Figure 1.

PSA-binding/internalization by DCs can be blocked through Ca²⁺ chelation or by competition with glycans. (A) PSA is recognized by DCs. PSA-AF488 binding was evaluated by flow cytometry after 3 h of incubation at 37°C. The line represents the average median fluorescence intensity (MFI) of the two donors. (B) PSA is internalized by DCs. Incubation of PSA-AF488 with DCs for 3 h at 37°C resulted in an efficient internalization of PSA. DCs incubated with a DC-SIGN-targeting antibody for 30 min at either 4 or 37°C were used as negative and positive controls, respectively. (C) PSA-binding/internalization is blocked by the addition of EGTA. Binding/internalization of PSA-AF488 by DCs was measured by flow cytometry in the presence of the Ca²⁺ chelator EGTA. Binding is shown relative to the autofluorescence of DCs. (D) PSA-binding/internalization is blocked by competition with mono and polysaccharides.
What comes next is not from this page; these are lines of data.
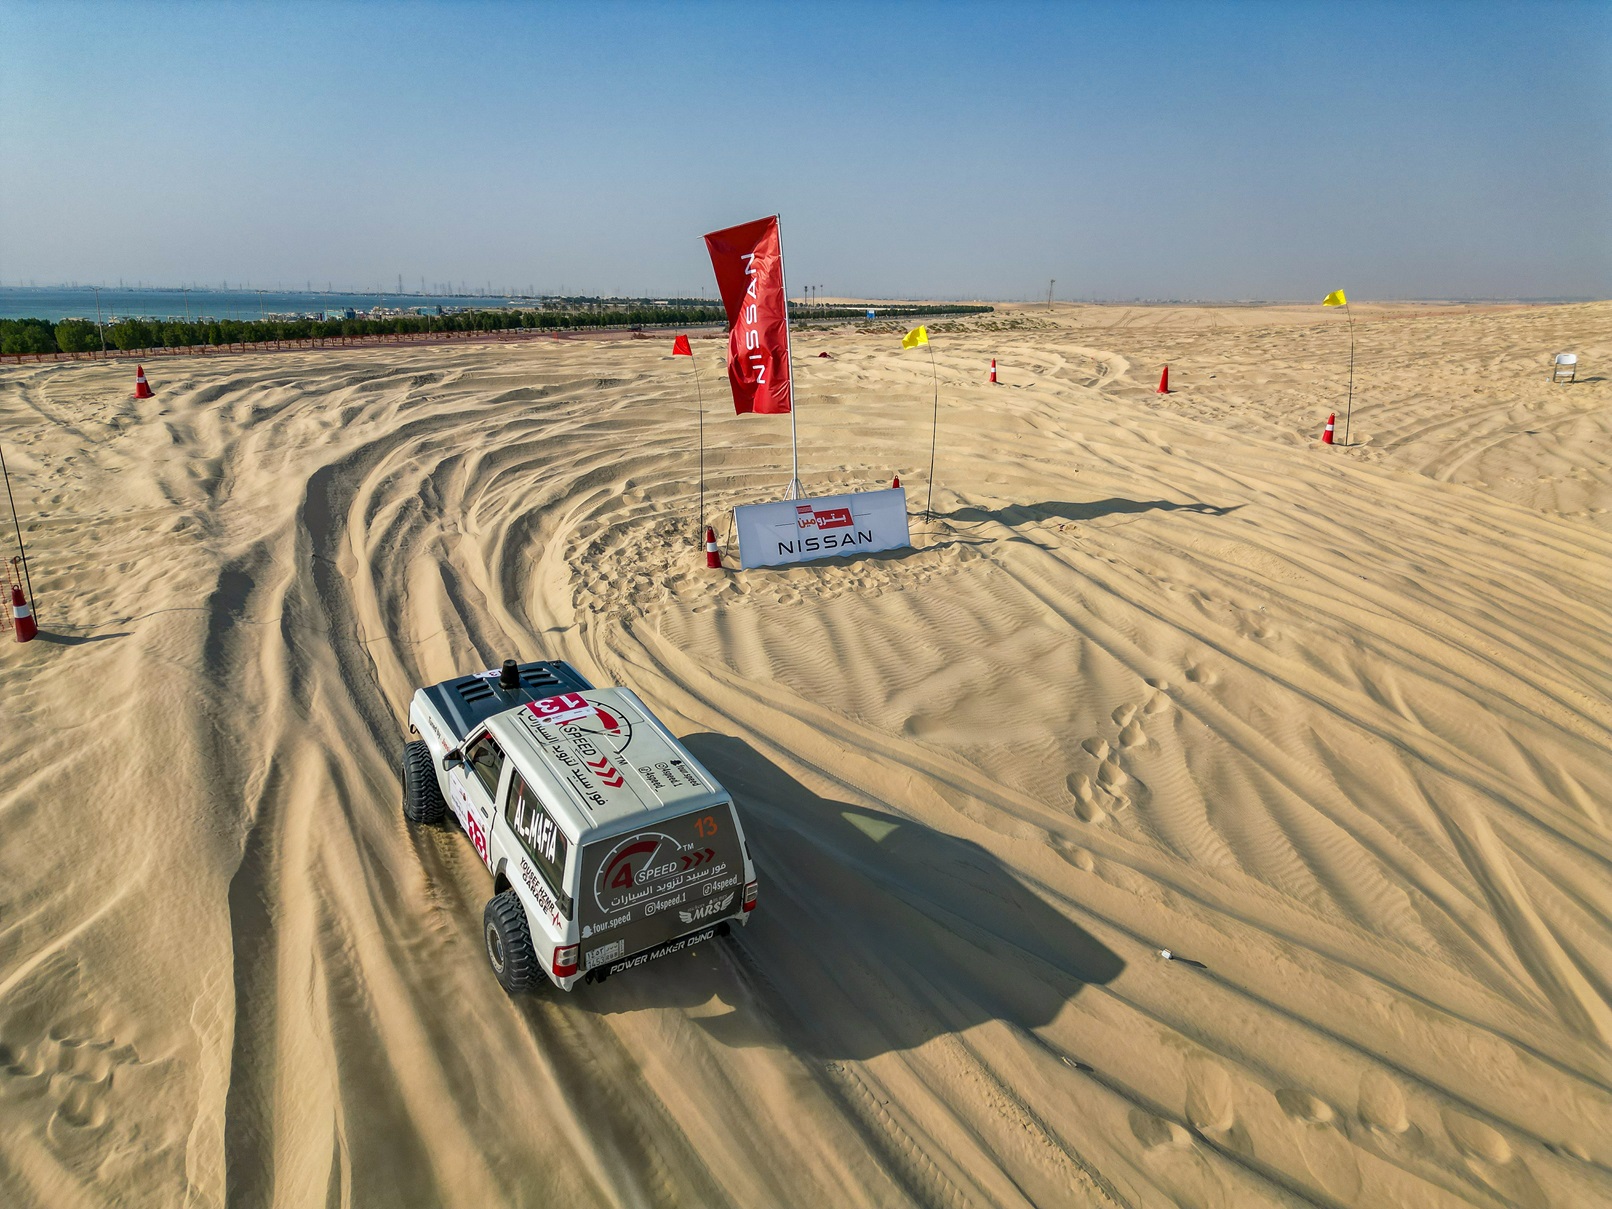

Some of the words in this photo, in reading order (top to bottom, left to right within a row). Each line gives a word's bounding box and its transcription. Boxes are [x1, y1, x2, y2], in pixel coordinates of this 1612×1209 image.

[741, 252, 766, 384] NISSAN
[797, 513, 847, 529] بترومين
[778, 530, 873, 555] NISSAN
[534, 695, 580, 713] 13
[563, 726, 597, 756] SPEED
[552, 744, 580, 772] لتزويد
[614, 755, 629, 767] TM
[571, 768, 594, 790] سبيد
[586, 790, 609, 806] فور
[694, 815, 719, 838] 13
[682, 843, 695, 852] TM
[520, 857, 540, 886] YOUSEF
[611, 862, 634, 889] 4
[638, 861, 678, 882] SPEED
[686, 869, 710, 884] سبيد
[711, 861, 727, 876] فور
[522, 873, 547, 915] GARAGE
[656, 874, 684, 893] لتزويد
[610, 884, 653, 907] السيارات
[656, 892, 687, 912] 4speed.1
[592, 912, 631, 934] four.speed
[610, 953, 648, 975] POWER
[650, 939, 686, 960] MAKER
[687, 930, 714, 947] DYNO
GalNAc, α-N-acetyl-d-glucosamine; Fuc, α-l-fucose; Gal, d-galactose; Glc, d-glucose; GlcNAc, N-acetyl-d-glucosamine. Binding/internalization of PSA-AF488 by DCs was measured by flow cytometry after pre-incubation with the various mono and polysaccharides. Data is shown relative to DCs incubated with PSA in the absence of inhibitors. Data is shown as mean ± SD of a representative experiment out of six.